YOUR GOAL
Transcribe exactly the line that contains "this 1620×2160 image." and every line after it to the end of the entries, and nothing more.

RECORDS FOR THIS EXERCISE
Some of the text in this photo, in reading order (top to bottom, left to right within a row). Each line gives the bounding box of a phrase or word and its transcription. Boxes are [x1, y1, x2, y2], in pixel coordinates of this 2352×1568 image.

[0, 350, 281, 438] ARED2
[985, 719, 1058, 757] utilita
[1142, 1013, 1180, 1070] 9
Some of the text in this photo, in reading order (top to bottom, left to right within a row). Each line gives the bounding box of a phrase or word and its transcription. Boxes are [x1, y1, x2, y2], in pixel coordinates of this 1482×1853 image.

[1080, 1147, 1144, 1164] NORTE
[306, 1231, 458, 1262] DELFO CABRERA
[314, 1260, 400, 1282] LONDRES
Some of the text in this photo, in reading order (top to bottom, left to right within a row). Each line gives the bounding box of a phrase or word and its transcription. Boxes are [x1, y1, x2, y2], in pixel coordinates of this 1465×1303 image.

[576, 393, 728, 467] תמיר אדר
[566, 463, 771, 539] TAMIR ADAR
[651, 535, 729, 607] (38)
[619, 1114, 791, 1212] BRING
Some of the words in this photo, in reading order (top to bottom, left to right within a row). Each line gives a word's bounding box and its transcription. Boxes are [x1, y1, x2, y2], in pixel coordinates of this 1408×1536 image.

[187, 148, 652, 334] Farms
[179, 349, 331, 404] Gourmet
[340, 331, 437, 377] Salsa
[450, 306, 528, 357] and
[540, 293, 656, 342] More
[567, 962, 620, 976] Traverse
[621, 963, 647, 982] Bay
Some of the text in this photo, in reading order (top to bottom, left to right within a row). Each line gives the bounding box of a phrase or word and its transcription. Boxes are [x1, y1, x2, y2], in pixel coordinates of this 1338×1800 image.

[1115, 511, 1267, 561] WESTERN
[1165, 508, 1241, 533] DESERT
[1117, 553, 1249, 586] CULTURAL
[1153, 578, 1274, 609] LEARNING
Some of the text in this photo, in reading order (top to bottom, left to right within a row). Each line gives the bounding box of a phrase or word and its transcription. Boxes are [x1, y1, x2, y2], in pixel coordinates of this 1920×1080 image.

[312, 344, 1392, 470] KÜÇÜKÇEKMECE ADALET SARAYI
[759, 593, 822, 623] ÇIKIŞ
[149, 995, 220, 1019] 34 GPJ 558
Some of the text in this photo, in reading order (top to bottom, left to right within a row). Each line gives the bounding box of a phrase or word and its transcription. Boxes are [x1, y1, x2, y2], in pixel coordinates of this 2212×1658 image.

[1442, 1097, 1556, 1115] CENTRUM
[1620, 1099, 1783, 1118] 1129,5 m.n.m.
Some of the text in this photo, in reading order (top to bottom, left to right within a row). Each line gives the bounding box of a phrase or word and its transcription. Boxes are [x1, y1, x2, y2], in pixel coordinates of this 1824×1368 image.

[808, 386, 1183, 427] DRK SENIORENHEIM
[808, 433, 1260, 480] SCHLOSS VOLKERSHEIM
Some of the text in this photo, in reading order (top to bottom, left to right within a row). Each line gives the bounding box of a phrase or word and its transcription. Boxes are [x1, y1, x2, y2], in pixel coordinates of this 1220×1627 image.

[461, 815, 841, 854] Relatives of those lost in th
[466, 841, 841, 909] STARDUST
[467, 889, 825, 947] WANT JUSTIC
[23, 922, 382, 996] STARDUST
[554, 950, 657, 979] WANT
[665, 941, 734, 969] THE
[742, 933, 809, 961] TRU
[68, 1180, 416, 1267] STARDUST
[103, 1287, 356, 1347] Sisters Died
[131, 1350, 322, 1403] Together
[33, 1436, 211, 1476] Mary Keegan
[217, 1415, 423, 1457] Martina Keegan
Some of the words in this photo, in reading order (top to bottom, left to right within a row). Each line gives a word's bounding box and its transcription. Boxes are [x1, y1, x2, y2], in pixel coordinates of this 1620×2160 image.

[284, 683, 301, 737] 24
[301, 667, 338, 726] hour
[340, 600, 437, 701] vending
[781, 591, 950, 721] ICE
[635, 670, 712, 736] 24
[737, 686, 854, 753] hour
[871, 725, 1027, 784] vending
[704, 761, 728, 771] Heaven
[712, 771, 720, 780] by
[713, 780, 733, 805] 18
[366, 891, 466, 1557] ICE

OUTPUT FOR THIS EXERCISE
Some of the words in this photo, in reading order (top to bottom, left to right within a row). Each line gives a word's bounding box and its transcription. Boxes are [x1, y1, x2, y2], in pixel coordinates of this 1620×2160 image.

[284, 683, 301, 737] 24
[301, 667, 338, 726] hour
[340, 600, 437, 701] vending
[781, 591, 950, 721] ICE
[635, 670, 712, 736] 24
[737, 686, 854, 753] hour
[871, 725, 1027, 784] vending
[704, 761, 728, 771] Heaven
[712, 771, 720, 780] by
[713, 780, 733, 805] 18
[366, 891, 466, 1557] ICE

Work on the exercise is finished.